For fixed $k$, it is clear that $a_{k,n} \to 1$ as $n \to \infty$, so $|a_{k,n} - 1| \to 0$ as $n \to \infty$. Therefore, there is some $N_k$ such that $|a_{k,n} - 1| < \epsilon$ for all $n \geq N_k$.

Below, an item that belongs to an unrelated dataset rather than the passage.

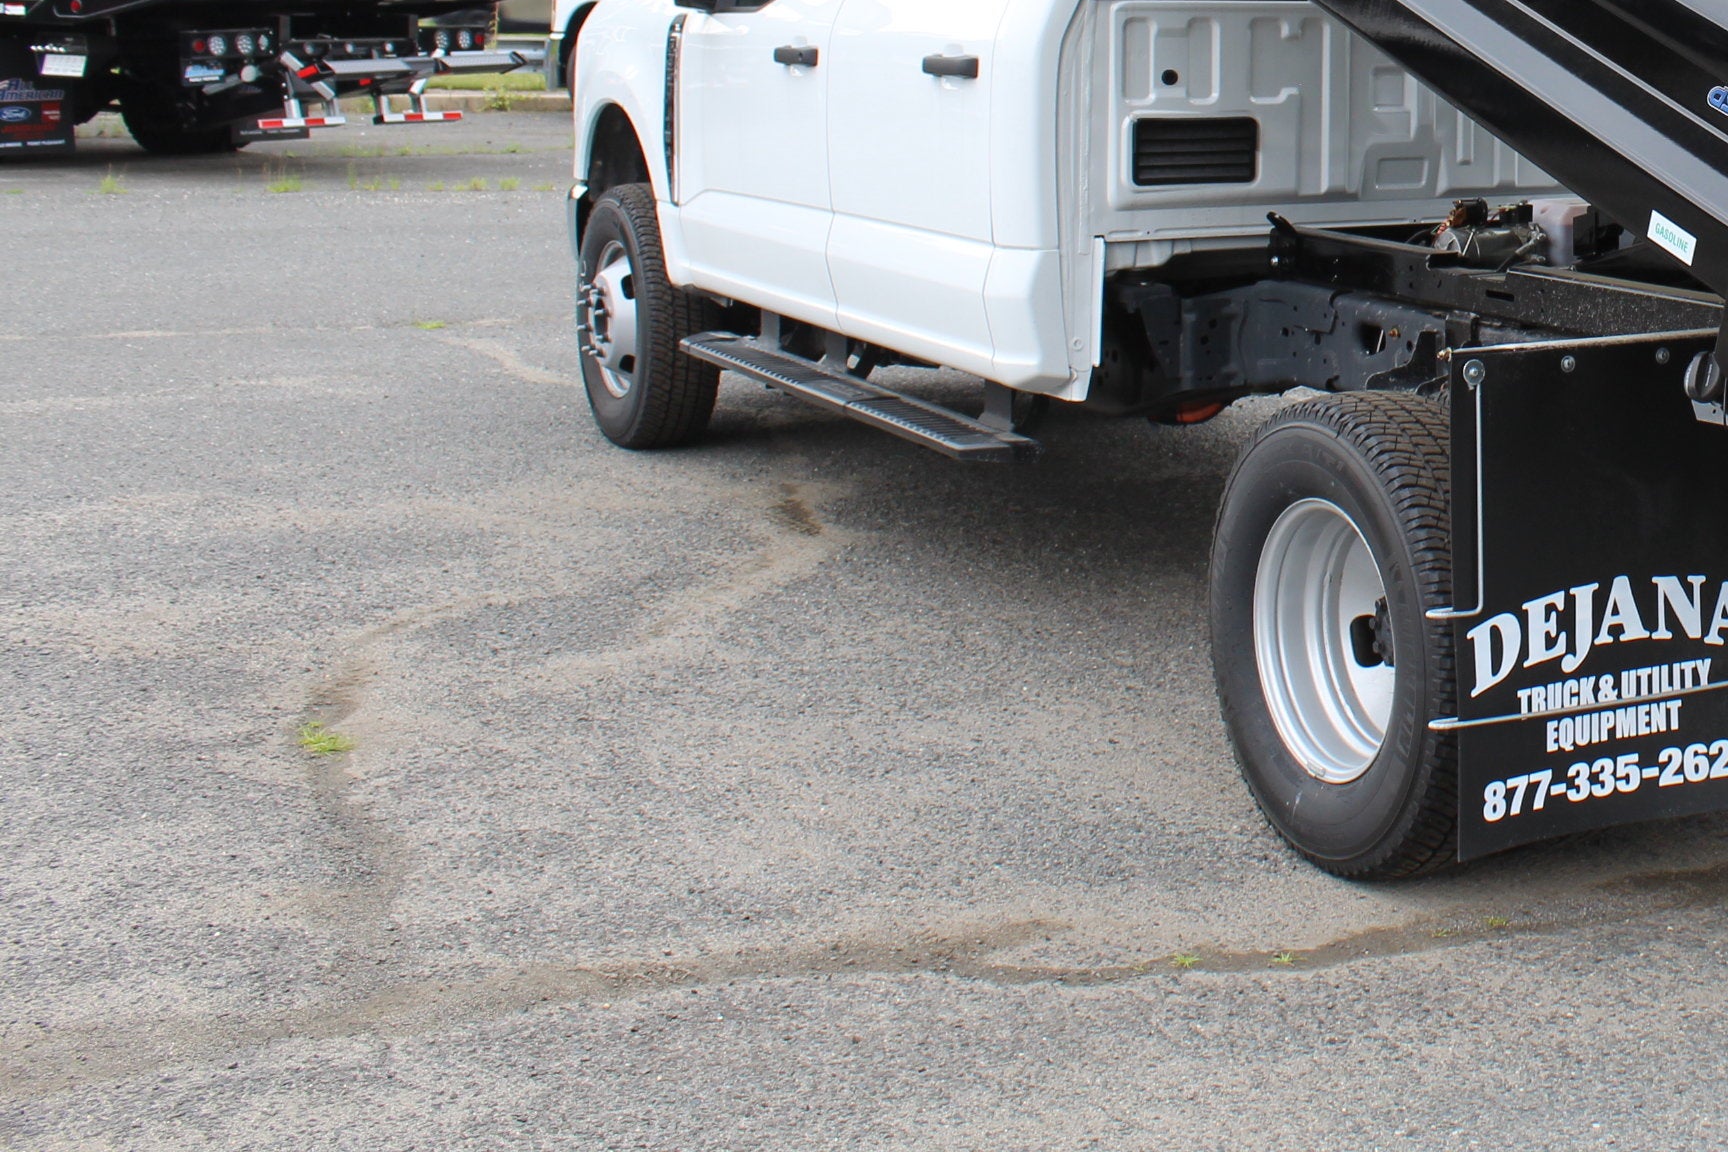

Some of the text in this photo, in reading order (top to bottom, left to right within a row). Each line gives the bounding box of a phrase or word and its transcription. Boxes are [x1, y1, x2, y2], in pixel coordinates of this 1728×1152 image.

Now, fix a positive integer $m$. If we set $N = \max\{N_1,N_2,\ldots,N_m\}$, then $|a_{k,n} - 1| < \epsilon$ for all $k \leq m$ and $n \geq N$, in which case $$\begin{aligned} e_n(x) &\leq \sum_{k=0}^{m}\frac{|x|^k}{k!}|a_{k,n}-1| + \sum_{k=m+1}^{n}\frac{|x|^k}{k!}|a_{k,n}-1| \\ &\leq \epsilon \sum_{k=0}^{m}\frac{|x|^k}{k!} + \sum_{k=m+1}^{n}\frac{|x|^k}{k!} \\ &\leq \epsilon \sum_{k=0}^{\infty}\frac{|x|^k}{k!} + \sum_{k=m+1}^{\infty}\frac{|x|^k}{k!} \\ &= \epsilon e^{|x|} + \sum_{k=m+1}^{\infty}\frac{|x|^k}{k!} \\ \end{aligned}$$ Therefore, $$\limsup_{n \to \infty}e_n(x) \leq \epsilon e^{|x|} + \sum_{k=m+1}^{\infty}\frac{|x|^k}{k!}$$ Letting $m \to \infty$ we get $$\limsup_{n \to \infty}e_n(x) \leq \epsilon e^{|x|}$$ As this is true for any $\epsilon > 0$, we conclude that $\limsup_{n \to \infty}e_n(x) = 0$, and therefore the limit exists and $$\lim_{n \to \infty}e_n(x) = 0$$ as desired.